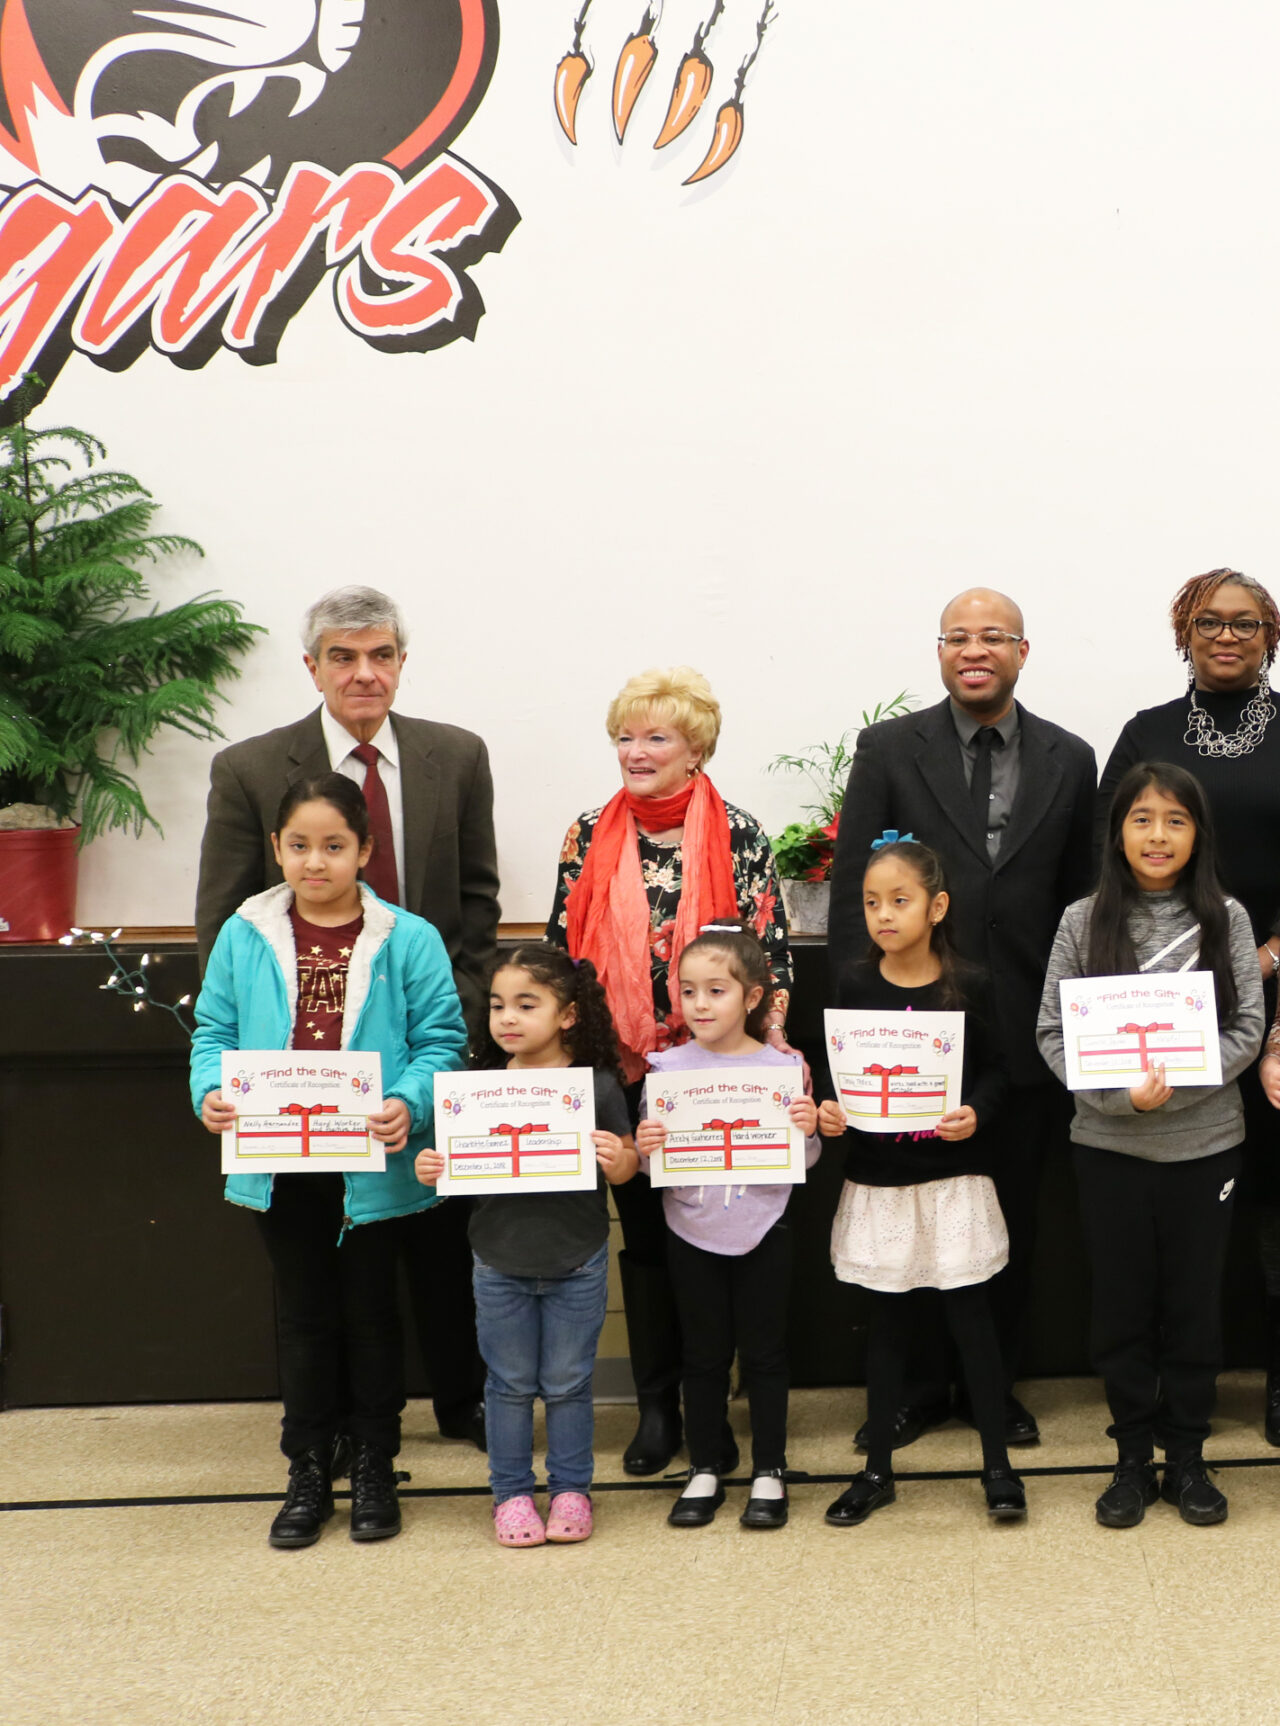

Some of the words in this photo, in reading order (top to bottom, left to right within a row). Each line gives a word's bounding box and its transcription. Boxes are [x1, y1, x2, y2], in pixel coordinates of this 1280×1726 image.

[1131, 990, 1150, 998] the
[850, 1028, 875, 1039] "Find
[879, 1028, 898, 1036] the
[902, 1029, 928, 1040] Gift"
[889, 1042, 921, 1050] Recognition
[261, 1067, 292, 1079] "Find
[297, 1067, 317, 1076] the
[321, 1068, 347, 1080] Gift"
[471, 1088, 502, 1100] "Find
[507, 1086, 526, 1095] the
[531, 1087, 558, 1097] Gift"
[684, 1085, 713, 1097] "Find
[718, 1084, 737, 1092] the
[742, 1084, 768, 1095] Gift"
[518, 1101, 550, 1109] Recognition
[729, 1097, 761, 1105] Recognition

──────────────────────────────

Instructions to follow: Every line of the material above must be written out exactly, with no pictures.

Response to the task:
Some of the words in this photo, in reading order (top to bottom, left to right within a row). Each line gives a word's bounding box and its transcription. Boxes are [x1, y1, x2, y2], in pixel coordinates of this 1280×1726 image.

[1131, 990, 1150, 998] the
[850, 1028, 875, 1039] "Find
[879, 1028, 898, 1036] the
[902, 1029, 928, 1040] Gift"
[889, 1042, 921, 1050] Recognition
[261, 1067, 292, 1079] "Find
[297, 1067, 317, 1076] the
[321, 1068, 347, 1080] Gift"
[471, 1088, 502, 1100] "Find
[507, 1086, 526, 1095] the
[531, 1087, 558, 1097] Gift"
[684, 1085, 713, 1097] "Find
[718, 1084, 737, 1092] the
[742, 1084, 768, 1095] Gift"
[518, 1101, 550, 1109] Recognition
[729, 1097, 761, 1105] Recognition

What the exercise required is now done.